Forget the goddess theory, which you hear every tourist guide trying to explain the huge statues at the National Museum of Archaeology or while touring Hagar Qim. That may not have been the original religion of Malta. This was the startling starting point in a lecture "Ritual, Space and Structure in Prehistoric Malta and Gozo: New Observations on Old Matters", given by Dr Caroline Malone, co-director, Xaghra Stone Circle excavation during the recent Heritage Malta international conference held at the Grand Hotel in Gozo. Dr Malone is Director of studies in archaeology and anthropology and principal research investigator for the Cambridge Templeton Project "Explorations into the conditions of spiritual creativity in prehistoric Malta" at the McDonald Institute for Archaeological Research. The goddess theory may not have been adequately investigated and structured from the many archaeological remains in Malta and Dr Malone dismissed it summarily as a "faulty" theory.
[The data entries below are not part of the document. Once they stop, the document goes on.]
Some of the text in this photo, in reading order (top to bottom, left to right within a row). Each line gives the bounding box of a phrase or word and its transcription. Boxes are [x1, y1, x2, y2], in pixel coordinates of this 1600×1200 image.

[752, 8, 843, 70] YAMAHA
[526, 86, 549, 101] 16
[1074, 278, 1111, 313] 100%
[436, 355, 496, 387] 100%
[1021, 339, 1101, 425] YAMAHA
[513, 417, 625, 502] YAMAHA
     Cult places in general are very special places, for the most part man-made, but possibly also using natural locations. They were mostly enclosed spaces, with controlled access. They were directional – orientated towards the sunrise. The presence of altars and libation holes in the temples in Malta shows this was a highly organised and repetitive religion with ritualistic symbols, participation in offering, with priests and a hierarchy. The Maltese prehistoric society was a relatively stable, agricultural community, an intense and densely populated island, celebrating cyclical cycles of life. The Maltese prehistoric temples contain elements expected of ritual and cult – a regular layout along axis lines, enclosed spaces and public spaces offering only restricted views from the outside. The axis orientation is linked to a cosmology in an awe-inspiring location. Hagar Qim is surrounded by performance areas to which everybody had access. There are also oracle holes and even shrines in the outside wall focused on fertility and gender. But there are also barriers and thresholds controlling access to the interior. This is evident from the doorjambs and the holes for barriers. There are also thresholds, steps, in a word, exclusion.
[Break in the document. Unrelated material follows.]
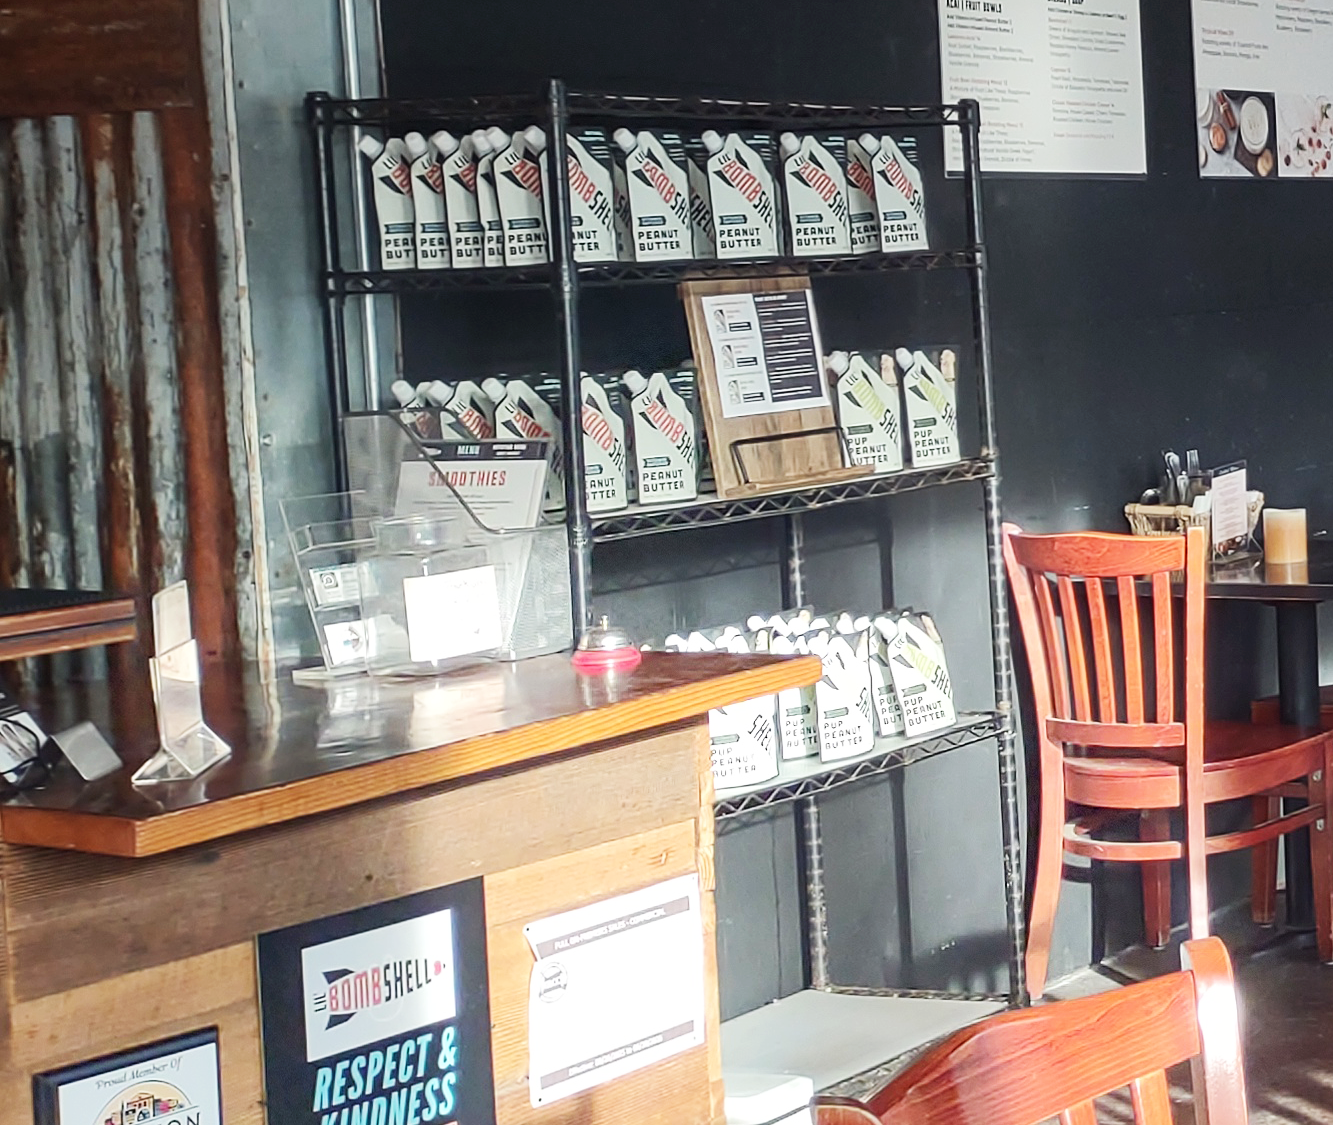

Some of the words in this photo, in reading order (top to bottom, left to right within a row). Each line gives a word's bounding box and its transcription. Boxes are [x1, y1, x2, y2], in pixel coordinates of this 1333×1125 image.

     It is also very significant to study the location of various objects. Libation holes, for instance, are always to be found on the left or in the middle, never on the right. The oracle holes in the restricted areas are always on the right. There are still some unresolved issues: Hagar Qim is a monument in the round, interesting inside, but equally so on the outside. It is also somewhat complicated to decipher: it seems to encourage increased audience participation and the pits for ritual rubbish and the fire pits are on the right. Tarxien is the only temple where not only do we know what was there but also its exact location, thanks to Temi Zammit’s notes. Access was more controlled here: you did things in a particular pattern. Hal Saflieni and the Xaghra Stone Circle conform to the left-right general orientation but with some differences. They are both enclosed underground sites, reserved for the (bad) dead spirits who must be controlled and kept safe underground. You enter the Xaghra circle from Ggantija, from east to west. The right has a pit of male ancestors, the left a pit for young women. The purification area is on the left, while the phallic stone is on the right.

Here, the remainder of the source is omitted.